First, my comments are my own and don't reflect my company's position. I was glad to see that you tackled the subject and I think your conclusions are good. Many of the post-9/11 actions have been reactions without logical basis.
But back to your article, I don't believe you sold your analysis very well because of a weak definition of predictive data mining and because you are totally excluding the posibility of a predictive component in data mining.
If the connections that you listed were less obvious to the human mind, maybe data mining could reveal them. Using that data, an experienced law enforcement person or analyst might then provide the predictive "ah ha" that leads to a terrorist plot. As computer systems become more "intelligent:, I think it is reasonable to assume that computers will be able to deduce threats from patterns, at least of a general nature. Ex. flying lessons mean an aircraft attack.

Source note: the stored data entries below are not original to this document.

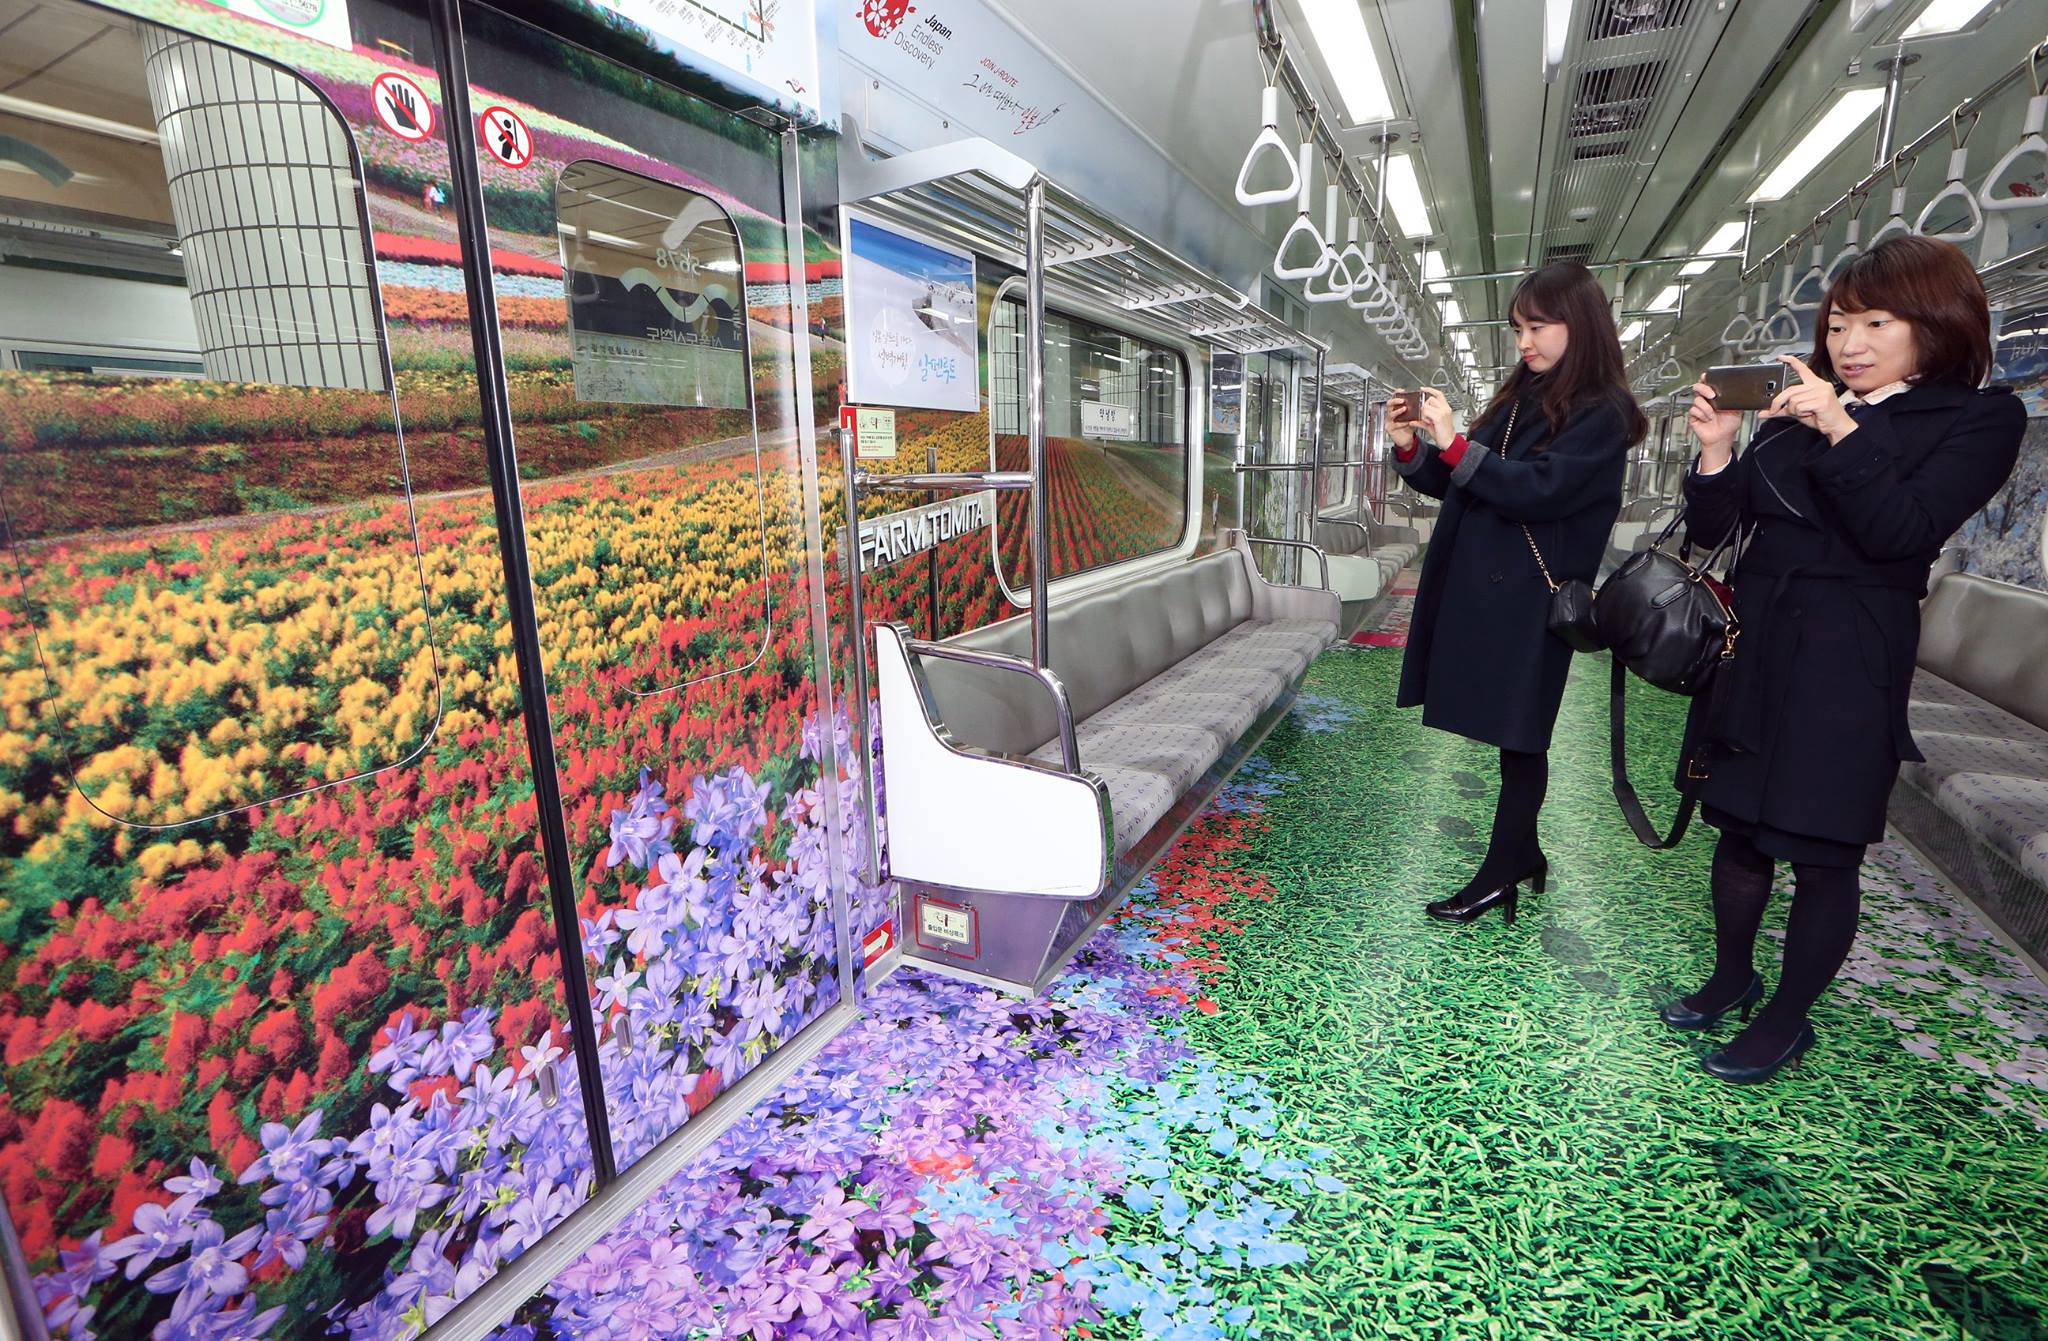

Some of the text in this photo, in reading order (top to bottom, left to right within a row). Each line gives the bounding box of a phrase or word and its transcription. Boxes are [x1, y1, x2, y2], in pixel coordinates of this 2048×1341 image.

[911, 25, 944, 56] Endless
[924, 14, 952, 41] Japan.
[980, 58, 1019, 88] JOIN J-ROUTE
[859, 500, 984, 572] FARM TOMITA
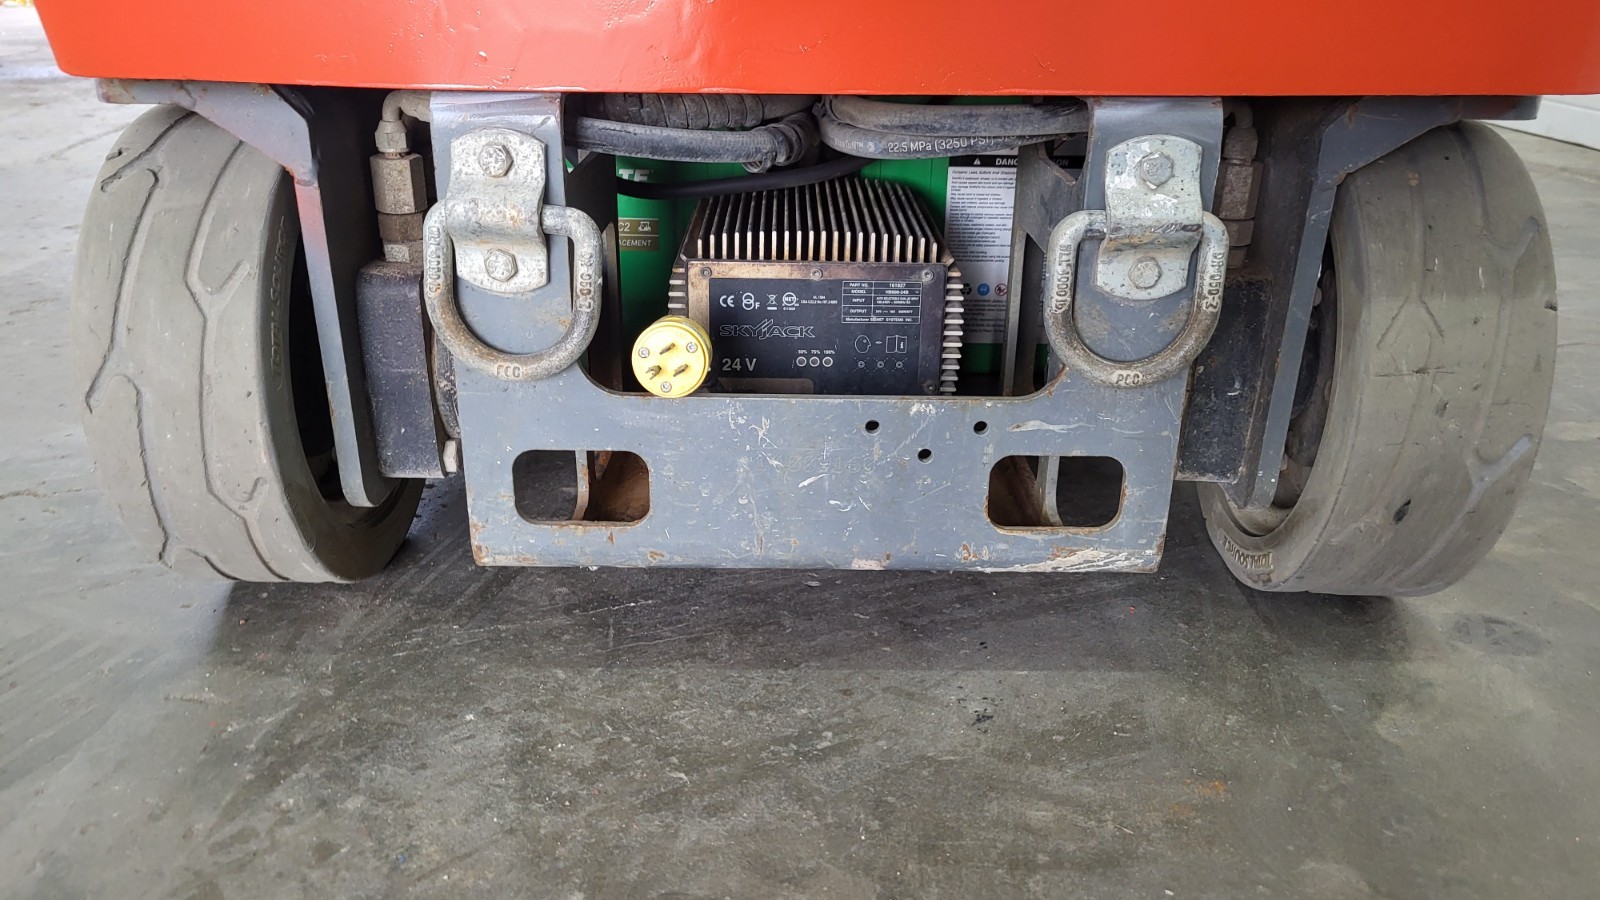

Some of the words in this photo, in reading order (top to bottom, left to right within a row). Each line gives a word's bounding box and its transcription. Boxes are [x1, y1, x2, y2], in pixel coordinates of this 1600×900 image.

[888, 141, 908, 153] 22.5
[910, 140, 932, 152] MPa
[934, 136, 968, 153] (3250
[619, 239, 652, 247] CEMENT
[720, 319, 816, 341] SKYJACK
[722, 358, 741, 371] 24
[745, 358, 757, 371] V

In conclusion, I worry about the privacy issues and about the ability of most analysts to construct useful queries that don't waste time and resources, but I think data mining is here to stay. The US needs an umbrella law that describes privacy and establishes some sort of template for information that can be collected and under what circumstances. Our current laws are directed at specific professions such as medical or at reporting regulations. There is no general privacy law, as I believe Australia has.

Michael

Hi Jeff.Thanks for your post about "Effective Counter-Terrorism and the Limited Role of Predictive Data Mining".Your article make great idea to me.Thanks.